Step 5 - Segmentation and Classification Prep
Processing Toolbox -> Whitebox Workflows -> Remote Sensing -> Image Segmentation
Typical tuning:
- Lower threshold -> more, smaller segments
- Higher threshold -> fewer, larger segments
- Minimum segment size removes speckle
After segmentation:
- Optionally polygonize segment rasters in QGIS.
- Join zonal metrics from index layers.
- Use resulting segment features for training/validation workflows.
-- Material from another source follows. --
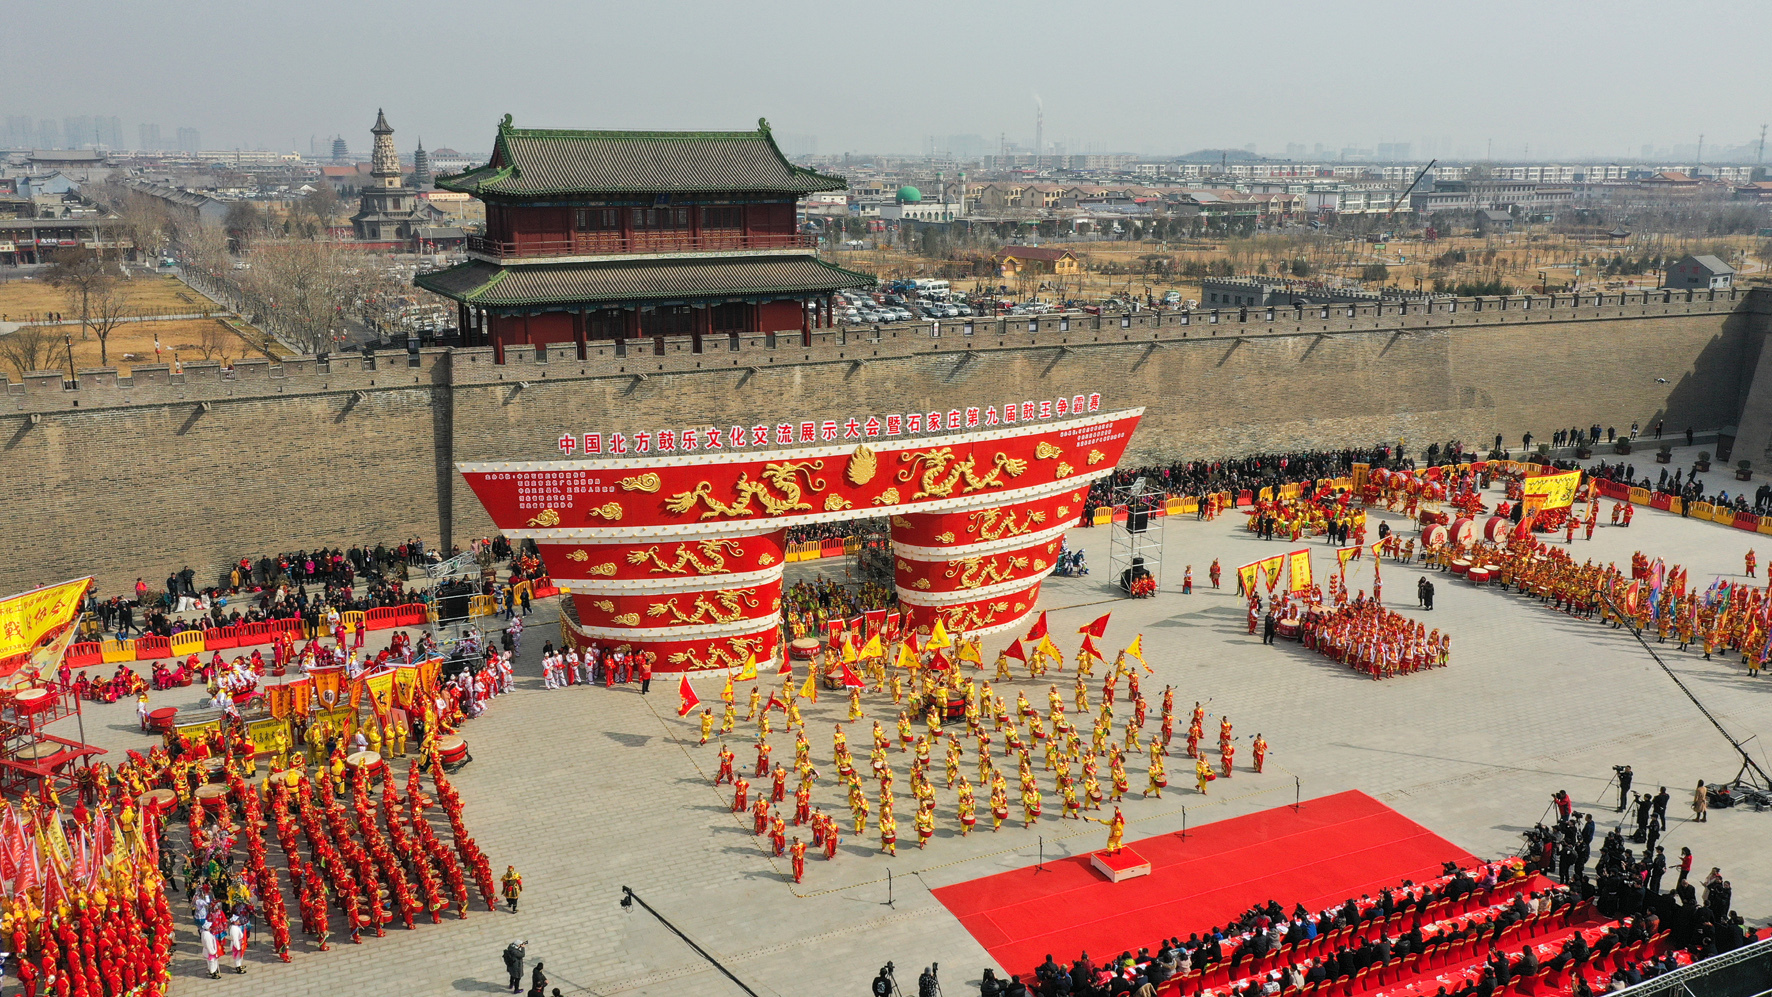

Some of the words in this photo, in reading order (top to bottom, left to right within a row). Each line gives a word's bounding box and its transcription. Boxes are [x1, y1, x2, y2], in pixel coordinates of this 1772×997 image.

[558, 392, 1101, 456] 中国北方鼓乐文化交流展示大会暨石家庄第九届鼓王争霸赛
[1495, 525, 1507, 537] 威
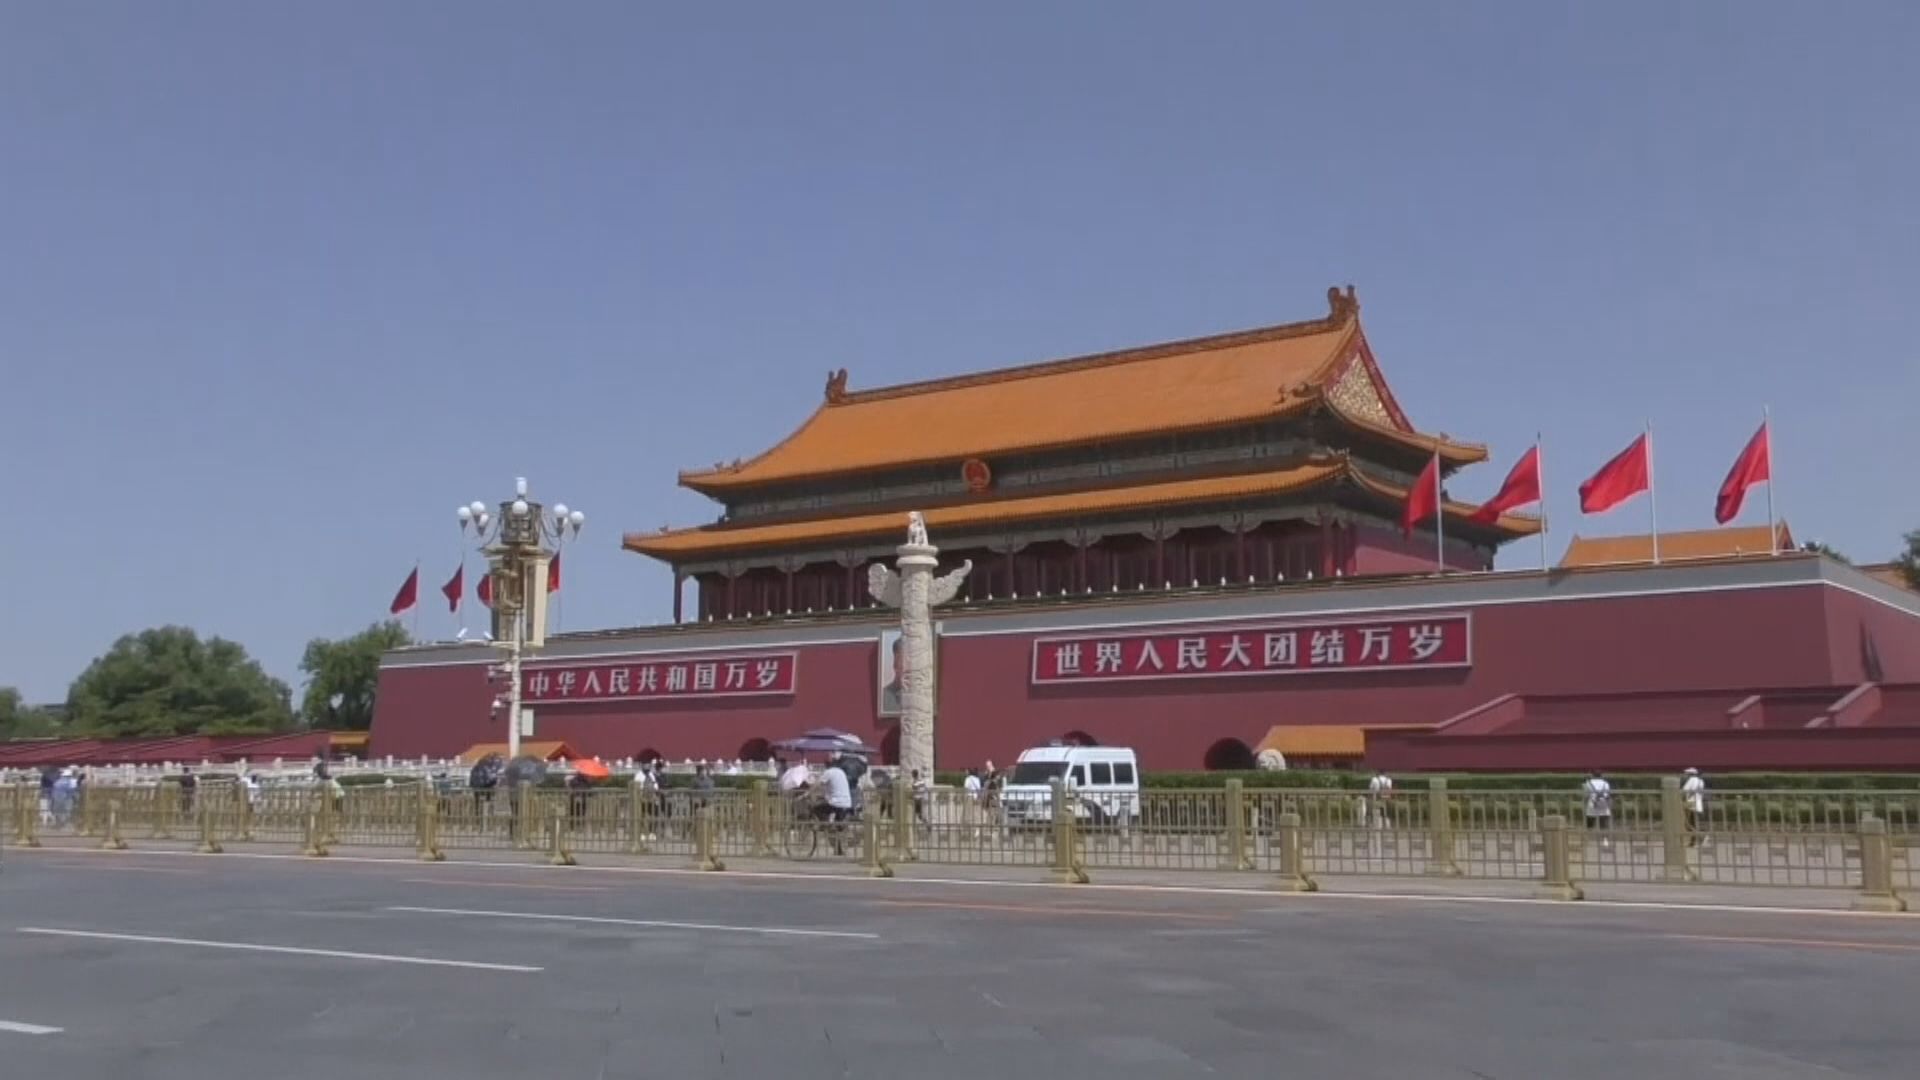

QGIS Python Console Equivalent
Use this pattern for reproducible batch processing in QGIS:
import processing
img_t1 = '/data/image_t1.tif'
img_t2 = '/data/image_t2.tif'
for label, img in [('t1', img_t1), ('t2', img_t2)]:
processing.run('whitebox_workflows:ndvi', {
'input': img,
'nir_band': 4,
'red_band': 3,
'output': f'/data/ndvi_{label}.tif',
})
processing.run('qgis:rastercalculator', {
'EXPRESSION': '"ndvi_t2@1" - "ndvi_t1@1"',
'LAYERS': ['/data/ndvi_t1.tif', '/data/ndvi_t2.tif'],
'OUTPUT': '/data/ndvi_change.tif',
})
processing.run('whitebox_workflows:principal_component_analysis', {
'input': '/data/image_t1.tif',
'num_comp': 4,
'output': '/data/pca_t1.tif',
})
Common Pitfalls
| Problem | Likely cause | Fix |
|---|---|---|
| Index values are outside expected ranges | Wrong bands or scale mismatch | Verify band mapping and value scale |
| Apparent change is mostly cloud edges | Missing cloud/shadow masking | Mask QA classes before differencing |
| PCA output looks unstable | NoData included in stats | Mask NoData consistently |
| Segmentation over-merges features | Threshold too high | Lower threshold and retest |
| Change map is noisy | Different spatial grids or radiometry | Align rasters and normalize radiometry |
Validation Checklist
- Inputs are co-registered and in a common CRS.
- Band assignments match sensor metadata.
- Cloud/shadow/no-data masking applied consistently across dates.
- Index histograms are plausible for local land cover.
- Change classes were reviewed visually against source imagery.
- PCA/segmentation parameters were documented for reproducibility.